- _What to work on_: Set down every record below exactly as it appears, but without the pictures.

- _Source data_:
★ ★ ★ ★ ★

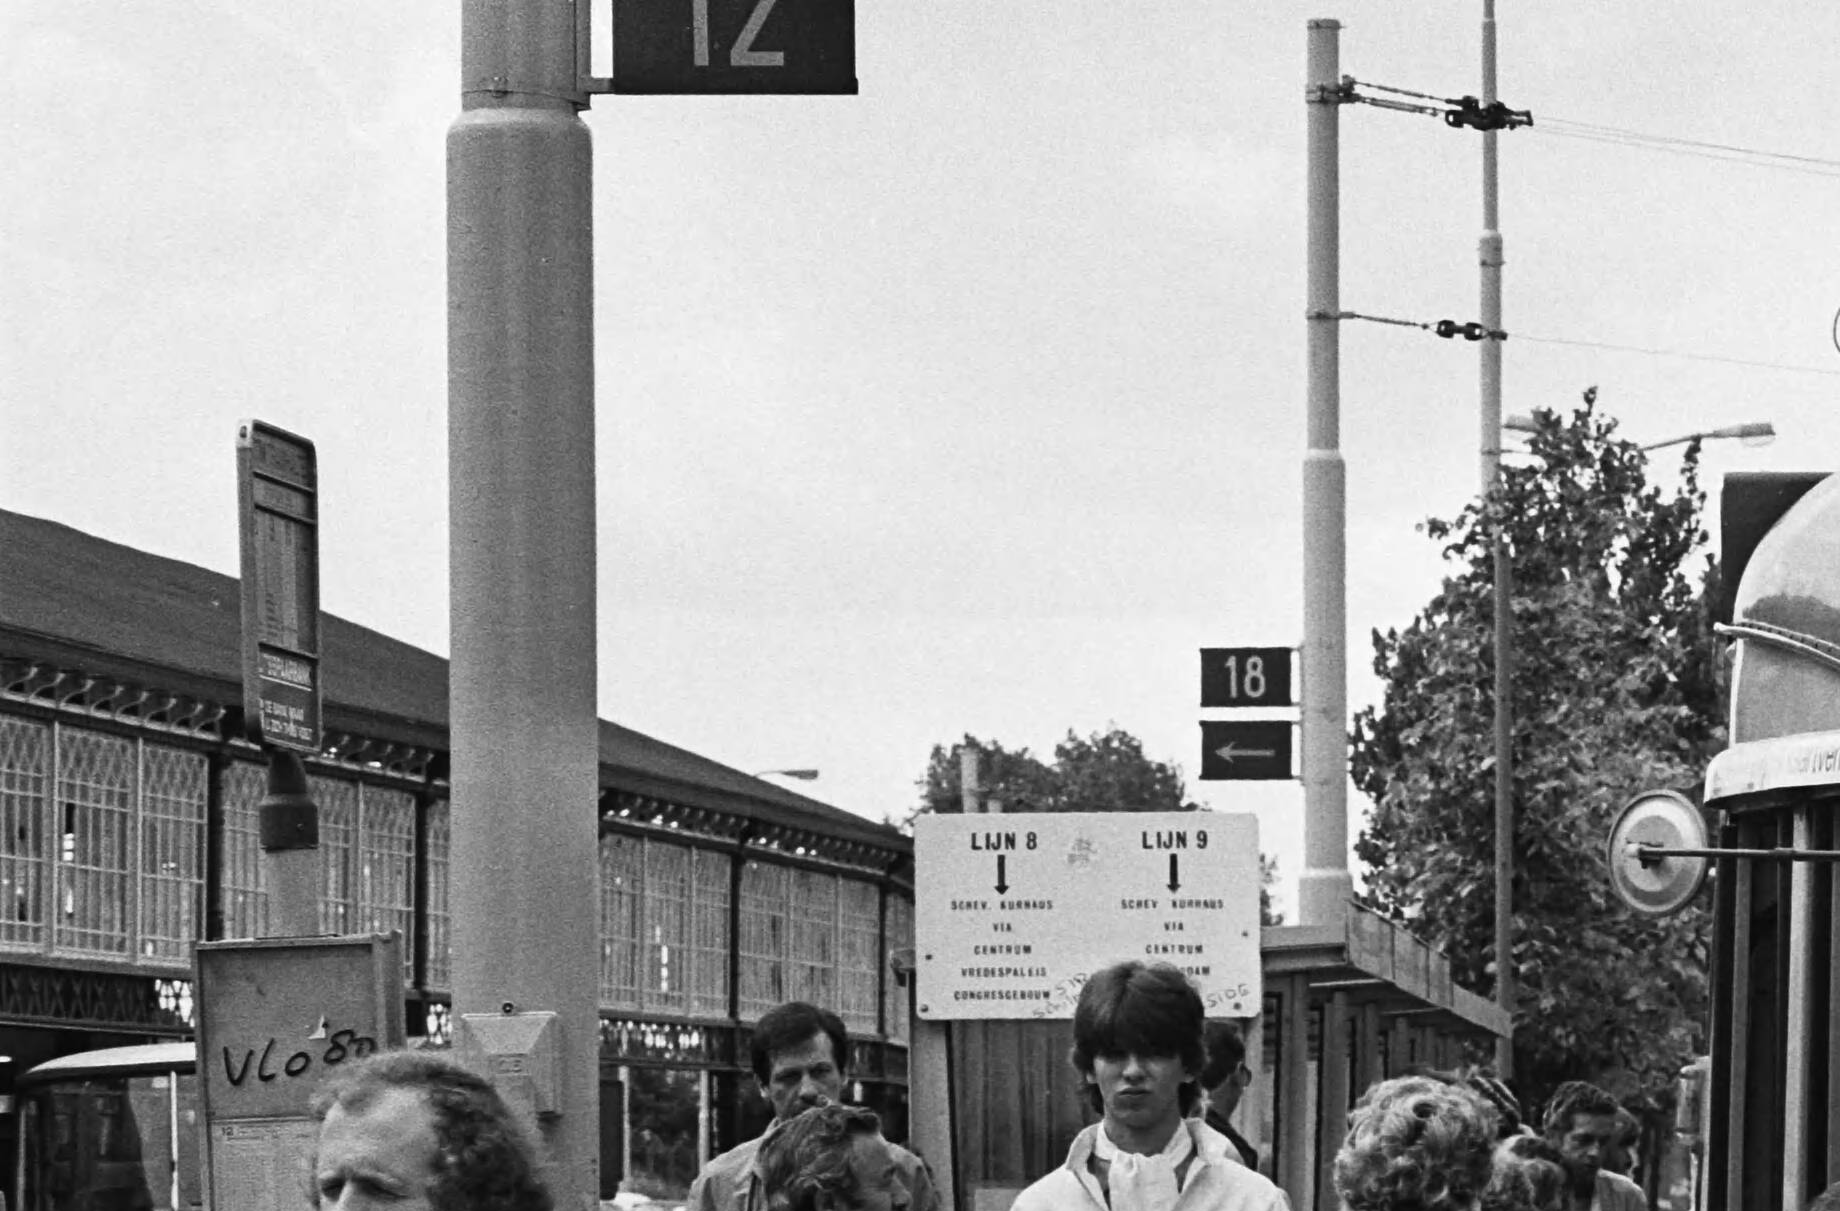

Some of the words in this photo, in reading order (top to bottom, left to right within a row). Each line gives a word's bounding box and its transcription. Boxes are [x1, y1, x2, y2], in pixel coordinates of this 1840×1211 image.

[1226, 655, 1266, 698] 18
[971, 832, 1016, 850] LIJN
[1025, 831, 1038, 850] 8
[1142, 831, 1188, 850] LIJN
[1196, 829, 1208, 850] 9
[1000, 900, 1053, 911] KURHAUS
[1172, 899, 1224, 910] KURHAUS
[993, 923, 1013, 932] VIA
[1164, 921, 1184, 931] VIA
[974, 945, 1032, 956] CENTRUM
[1146, 944, 1204, 955] CENTRUM
[961, 967, 1047, 978] VREDESPALEIS
[953, 990, 1051, 1002] CONGRESGEBOUW

★ ★ ★ ★ ★

- _Reply_:
Some of the words in this photo, in reading order (top to bottom, left to right within a row). Each line gives a word's bounding box and its transcription. Boxes are [x1, y1, x2, y2], in pixel coordinates of this 1840×1211 image.

[1226, 655, 1266, 698] 18
[971, 832, 1016, 850] LIJN
[1025, 831, 1038, 850] 8
[1142, 831, 1188, 850] LIJN
[1196, 829, 1208, 850] 9
[1000, 900, 1053, 911] KURHAUS
[1172, 899, 1224, 910] KURHAUS
[993, 923, 1013, 932] VIA
[1164, 921, 1184, 931] VIA
[974, 945, 1032, 956] CENTRUM
[1146, 944, 1204, 955] CENTRUM
[961, 967, 1047, 978] VREDESPALEIS
[953, 990, 1051, 1002] CONGRESGEBOUW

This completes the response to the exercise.